In a letter updating a committee of lawmakers from Britain’s upper house of parliament on the negotiations, Davis said the EU was only offering restricted residency rights to UK citizens.

“Their offer only guarantees residence rights in the member state in which a British national was resident at the point of our exit from the EU. It does not guarantee the holder … any right to onward movement within the EU, for example, to work or study in a neighbouring member state,” he said.

“We have questioned whether this is consistent with the principle of reciprocity, and also with the Commission’s desire to protect rights currently enjoyed under EU law.

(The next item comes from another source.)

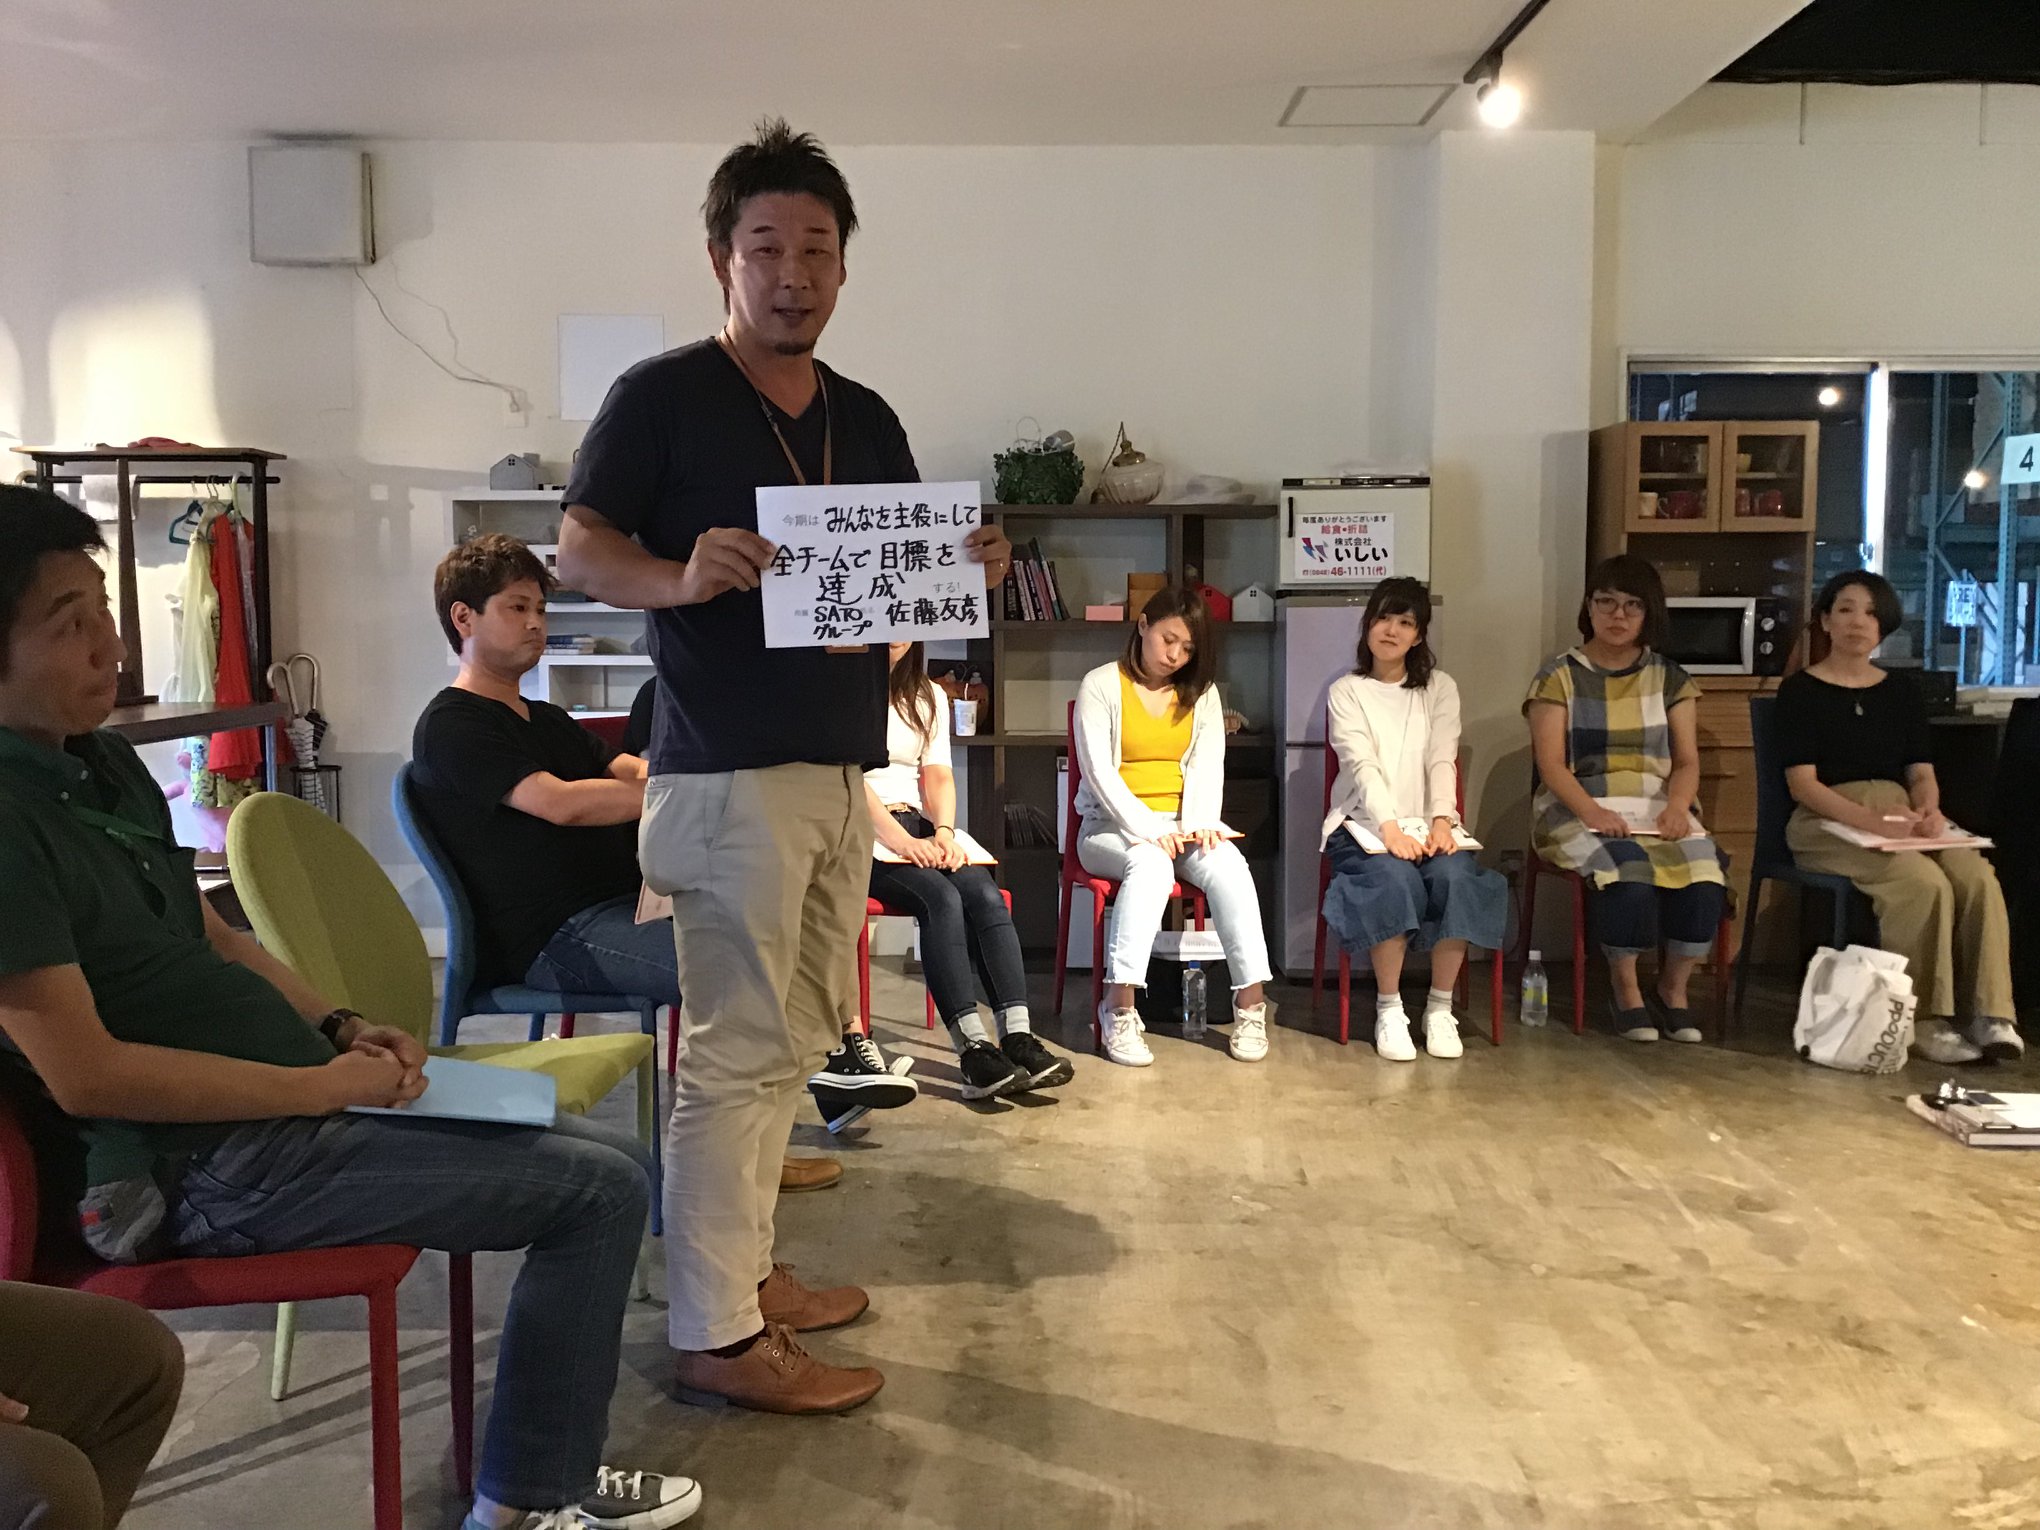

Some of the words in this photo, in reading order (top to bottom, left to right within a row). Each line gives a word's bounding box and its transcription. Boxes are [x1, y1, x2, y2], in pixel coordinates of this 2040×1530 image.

This will be the subject of further discussion in due course.”

The European Commission, the Brussels-based executive arm of the EU where a special team is negotiating with London on behalf of the other 27 states, said divorce negotiations should start with addressing the uncertainty caused by Brexit.

“That includes the financial settlement and the uncertainty that surrounds the rights of EU citizens in the UK and of UK citizens in the EU,” a spokeswoman said.

“This should be agreed on the principles of continuity, reciprocity and non-discrimination,” she said, adding that the triggering of the exit clause by Britain “does not change the right to free movement”.

She added: “Nor should it affect the rights of citizens who have made life choices on the basis of EU law and EU membership.”

At the European People’s Party (EPP) congress in March in Malta, a high-ranking EPP official told EURACTIV that the EU was concerned that London “would play political games” on the issue considering the bloc’s perceived strong interest in the matter.

“The citizenship issue is easy to solve and we should create certainty for these people. We are ready to do so but the British should do the same and not use it,” the right-wing official said.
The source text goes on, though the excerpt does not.